Ocula Magazine   |   Insights   |   Art Fair

Fifty years of African photography will go on view across ART X Lagos, which returns for its sixth edition at The Federal Palace on Victoria Island in Lagos (4–7 November 2021) after its 2020 online-only fair.

Fifty Years of Photography in Africa at ART X Lagos

Nuits Balnéaires, Alonhomba 1, The Power of Alliances (2021). Photography. 80 x 60 cm. Courtesy Ed Cross Fine Art.

While there is no set exhibition or curator to mark the plethora of photographic works on display, the presence of the medium among 30 participating galleries seems in tune with the current desire to showcase the evolution of African history, culture, and art.

Nicolas Henry, La dispute en voiture (2020). Photography. 80 x 106 cm.

Nicolas Henry, La dispute en voiture (2020). Photography. 80 x 106 cm. Courtesy Loft Art Gallery.

One image by Moroccan-Belgian photographer Mous Lamrabat (Sugar, Water, Purple, 2019), presented by Casablanca-based Loft Art Gallery, shows an African man dressed in a fashionable blue and white robe with a white bird cage hoop, and papal-style embellished tiara on his head.

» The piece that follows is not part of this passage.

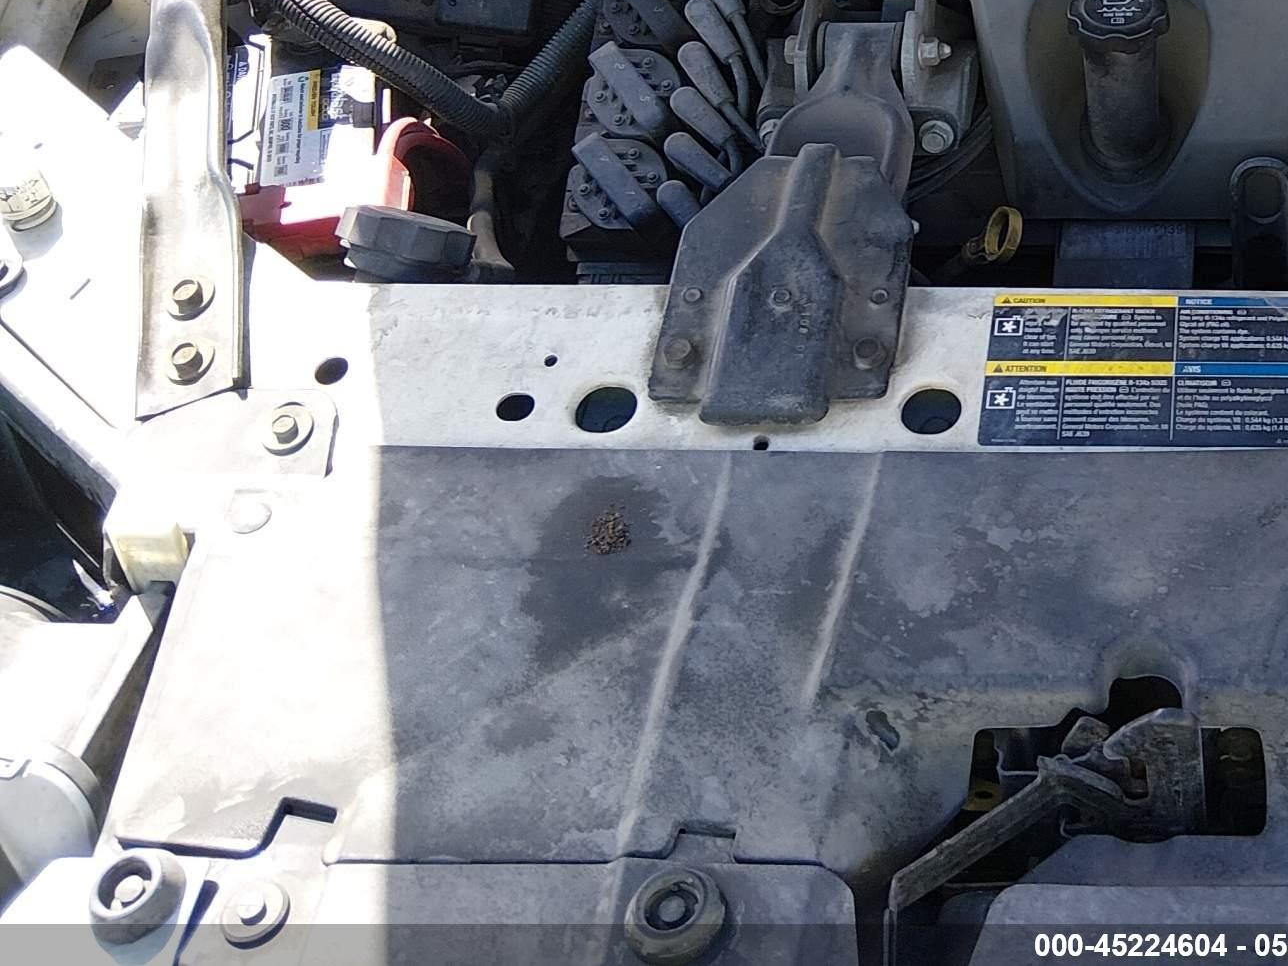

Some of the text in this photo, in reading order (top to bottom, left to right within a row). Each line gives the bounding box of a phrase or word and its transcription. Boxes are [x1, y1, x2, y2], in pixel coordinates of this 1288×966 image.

[1012, 297, 1046, 305] CAUTION
[1005, 365, 1048, 373] ATTENTION
[1182, 365, 1201, 373] AVIS

He proudly holds a bunch of grapes above his mouth as if he were Bacchus, the Roman god of wine, as he looks out to the viewer with an eye expressing determination and pride.

Mous Lamrabat, Sugar, Water, Purple (2019). Photography. 120 x 80 cm.

Mous Lamrabat, Sugar, Water, Purple (2019). Photography. 120 x 80 cm. Courtesy Loft Art Gallery.

Lamrabat's photograph, a representation of the artist's much sought-after glossy photographs showcasing utopian spaces that bridge cultural divides, is on the contemporary end of the spectrum when it comes to photographers showing at the fair. The oldest photographs on display are 1971 black and white portraits of intricate hairstyles by Nigerian J.D. 'Okhai Ojeikere showing at Paris-based Magnin-A.

J.D. Okhai Ojeikere, Agaracha (1971). Gelatin Silver print. 60 x 50 cm.

J.D. Okhai Ojeikere, Agaracha (1971). Gelatin Silver print. 60 x 50 cm. Courtesy Magnin-A.

Notable contemporary works include Nuits Balnéaires's dreamy images of the life and landscape of the Ivory Coast at Lagos-based DADA Gallery, and Mozambican Lisbon-based Mário Macilau's latest series 'Things Fall Apart' (2021), named after Nigerian novelist Chinua Achebe's book, at Ed Cross Fine Art.

Documenting local communities in northern Mozambique, Macilau's close-up images of body parts and other elements seek to demonstrate how fragments can contribute to a whole story.

Nuits Balnéaires, Adahonlin 1, The Power of Alliances (2021). Photography. 120 x 80 cm.

Nuits Balnéaires, Adahonlin 1, The Power of Alliances (2021). Photography. 120 x 80 cm. Courtesy Ed Cross Fine Art.

Cape Town-based THK Gallery is showing the captivating work of South African photographer Nonzuzo Gxekwa, who often explores intimate personal moments in the public realm, focusing, for instance, on acts of self-love.

Her 2019 photograph Bubblegum shows a woman wearing a red sweatshirt with the word 'Chill' on it, blowing a bubble so big that it covers most of her face.

Nonzuzo Gxekwa, Bubblegum (2019).

Nonzuzo Gxekwa, Bubblegum (2019). Courtesy THK Gallery.

Similarly turning his lens to the nuances of daily life, is Nicolas Derné's glossy black and white images started in 2011 of one of the most iconic of the Caribbean islands, Martinique, at espace d'art contemporain 14N 61W. For example, a shot of two young boys dragging long ropes in the street from his series 'Parades'.

Nicolas Derné, Shook it up!, from the series 'Parades' (2019). Lambda black and white silver print on Baryté NB paper.60 x 40 cm.

Nicolas Derné, Shook it up!, from the series 'Parades' (2019). Lambda black and white silver print on Baryté NB paper.60 x 40 cm. Courtesy espace d'art contemporain 14N 61W.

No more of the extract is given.